# ' Twas The Teachers' Night Before Christmas



## Kacey

' Twas The Teachers' Night Before Christmas

    'Twas the days before Christmas,
    And all through the school,
    The teachers were trying
    To just keep their cool.

    The hallways were hung
    With Christmas art
    (Some made in November
    to get a head start!)

    The children were bouncing
    Off ceilings and walls,
    And seemed to forget
    How to walk in the halls.

    When out of the teacher's lounge
    With "holiday shirts"
    And "jingle bell jewels,"
    The teachers looked festive
    Enforcing the rules.

    Suddenly, from down the hallway
    There came such a chatter,
    The principal went in
    To see what was the matter.

    The teachers were hiding
    And trying to refuel,
    On coffee and cookies
    And treats from the Yule.

    When what to their wondering
    Ears do they hear,
    But the ringing of school bells
    - It's the children they fear!

    More rapid than reindeer
    The little ones came,
    And the teachers all shouted
    And called them by name;

    Walk, Vincent!
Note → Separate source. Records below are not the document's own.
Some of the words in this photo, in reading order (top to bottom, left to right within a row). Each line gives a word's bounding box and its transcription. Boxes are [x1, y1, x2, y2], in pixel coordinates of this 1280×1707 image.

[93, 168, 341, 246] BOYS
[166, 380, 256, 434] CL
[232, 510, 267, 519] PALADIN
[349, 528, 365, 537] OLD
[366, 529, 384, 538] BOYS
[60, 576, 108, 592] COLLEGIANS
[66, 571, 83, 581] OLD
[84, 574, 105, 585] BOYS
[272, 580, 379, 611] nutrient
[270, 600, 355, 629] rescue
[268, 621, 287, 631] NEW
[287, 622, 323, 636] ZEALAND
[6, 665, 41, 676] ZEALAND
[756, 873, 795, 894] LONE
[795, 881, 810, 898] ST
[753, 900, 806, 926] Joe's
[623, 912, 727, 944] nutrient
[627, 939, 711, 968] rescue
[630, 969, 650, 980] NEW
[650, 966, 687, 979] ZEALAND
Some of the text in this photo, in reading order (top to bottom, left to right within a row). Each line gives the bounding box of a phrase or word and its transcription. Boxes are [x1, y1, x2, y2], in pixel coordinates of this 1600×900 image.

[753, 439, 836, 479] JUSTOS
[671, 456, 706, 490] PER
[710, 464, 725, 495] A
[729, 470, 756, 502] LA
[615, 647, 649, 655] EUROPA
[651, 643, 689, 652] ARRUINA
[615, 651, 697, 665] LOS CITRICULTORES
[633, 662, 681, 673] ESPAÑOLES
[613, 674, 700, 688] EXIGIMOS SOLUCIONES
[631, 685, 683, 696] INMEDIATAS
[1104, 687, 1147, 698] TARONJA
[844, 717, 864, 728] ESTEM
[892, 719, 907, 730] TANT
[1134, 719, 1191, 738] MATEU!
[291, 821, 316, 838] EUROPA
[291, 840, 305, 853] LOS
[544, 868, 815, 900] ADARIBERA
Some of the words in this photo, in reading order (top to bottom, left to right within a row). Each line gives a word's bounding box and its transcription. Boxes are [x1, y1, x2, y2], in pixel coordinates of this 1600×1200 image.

Walk, Tanner!
    Walk, Tyler and Sammy!
    Sit, Jamie! Sit, Laura!
    Sit, Tara and Tammy!

    To your desks in the room!
    To your spots in the line!
    Now walk to them! Walk to them!
    No running this time!

    So straight to their places
    The children all went.
    With fear of detention
    Where they could be sent.

    With manuals of lessons
    Cradled in arms,
    The teachers began
    To use all their charms.

    But the lessons presented
    All fell on deaf ears.
    The children were thinking
    Of Santa's reindeer!

    With a toss of their hands
    They put manuals aside,
    Went straight to the cupboards
    Where videos hide.

    And laying their finger
    On the TV remote
    They sat back to write
    Their last Christmas note.

    But you could hear them exclaim
    At the end of the day -
    Have a wonderful, happy and
    L-O-O-O-O-O-NG HOLIDAY!!!


----------



## Drac

*VERY GOOD*..Is that an original??? Are you the author???


----------



## Kacey

Drac said:


> *VERY GOOD*..Is that an original??? Are you the author???


No, I didn't write it - it was forwarded by someone at my school.  I don't know where he got it; he didn't say.


----------



## Arizona Angel

I like it!


----------



## fnorfurfoot

Very nice


----------